Tuesday, April 06, 2010

The Truth Behind the companies involved in the Privatisation of Hinchingbrooke

Serco

Serco is a large multinational corporation, employing 40,000 staff and turning over more than £2 billion. It appears to be even less appropriate as a potential management of a complex and busy general hospital than the other two shortlisted firms since it has no experience at all of any kind of hospital management.
Its own website claims that Serco employs just 300 “doctors and nurses” – a tiny fraction of the Hinchingbrooke Hospital workforce – in “a range of primary and community settings”. These turn out to be “'Out of Hours' Care, healthcare in prisons, nursing support as well as many major new health initiatives such as the Department of Health's programme to evaluate telehealth.” So the company itself effectively admits to having no experience of managing clinical services in a major hospital.

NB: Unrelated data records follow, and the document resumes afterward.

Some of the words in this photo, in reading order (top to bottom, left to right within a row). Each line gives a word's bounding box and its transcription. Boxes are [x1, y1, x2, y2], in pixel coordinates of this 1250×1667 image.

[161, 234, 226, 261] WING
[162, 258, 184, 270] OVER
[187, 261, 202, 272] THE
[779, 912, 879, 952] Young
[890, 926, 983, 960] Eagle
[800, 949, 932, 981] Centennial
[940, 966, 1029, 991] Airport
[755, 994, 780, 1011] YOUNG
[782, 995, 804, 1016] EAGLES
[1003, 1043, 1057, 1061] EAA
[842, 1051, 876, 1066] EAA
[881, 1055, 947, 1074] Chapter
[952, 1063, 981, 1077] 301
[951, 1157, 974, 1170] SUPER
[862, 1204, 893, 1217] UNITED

Instead it is best known as a services company that runs the Docklands Light Railway, operates speed cameras, electronically tags young offenders, and has contracts with the Ministry of Defence, Home Office and Department of Transport.

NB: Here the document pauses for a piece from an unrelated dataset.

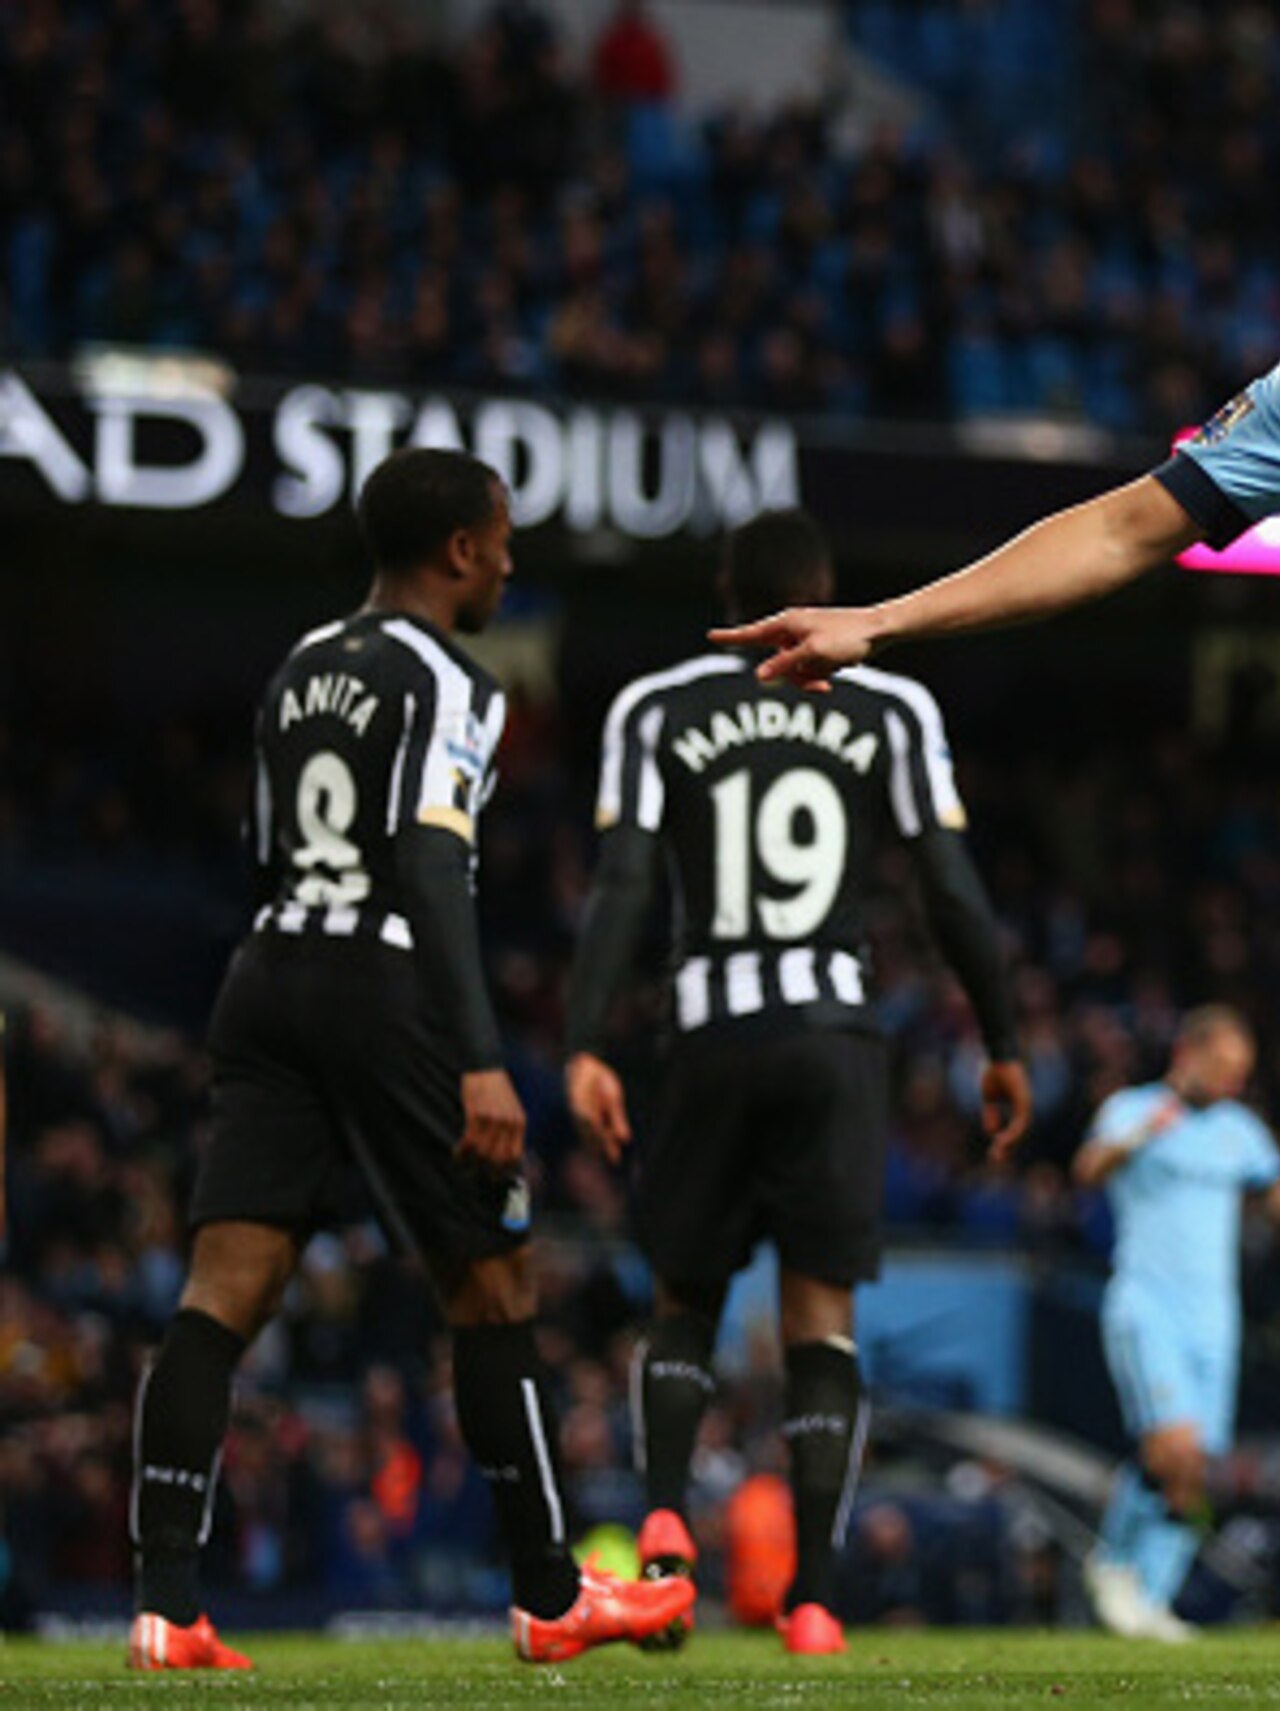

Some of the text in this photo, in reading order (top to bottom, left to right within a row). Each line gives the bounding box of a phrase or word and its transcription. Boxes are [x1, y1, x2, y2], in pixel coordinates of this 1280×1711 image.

Its most prominent involvement in the NHS includes its involvement as a partner in various Private Finance Initiative consortia, some of which have been “successful” in completing new hospitals (Norfolk & Norwich University Hospital and Scotland’s Wishaw General Hospital) while one other (Leicestershire) has ended in an expensive failure, with the project cancelled as a result of spiralling and unaffordable costs, and Serco joining with its partners to sue for compensation.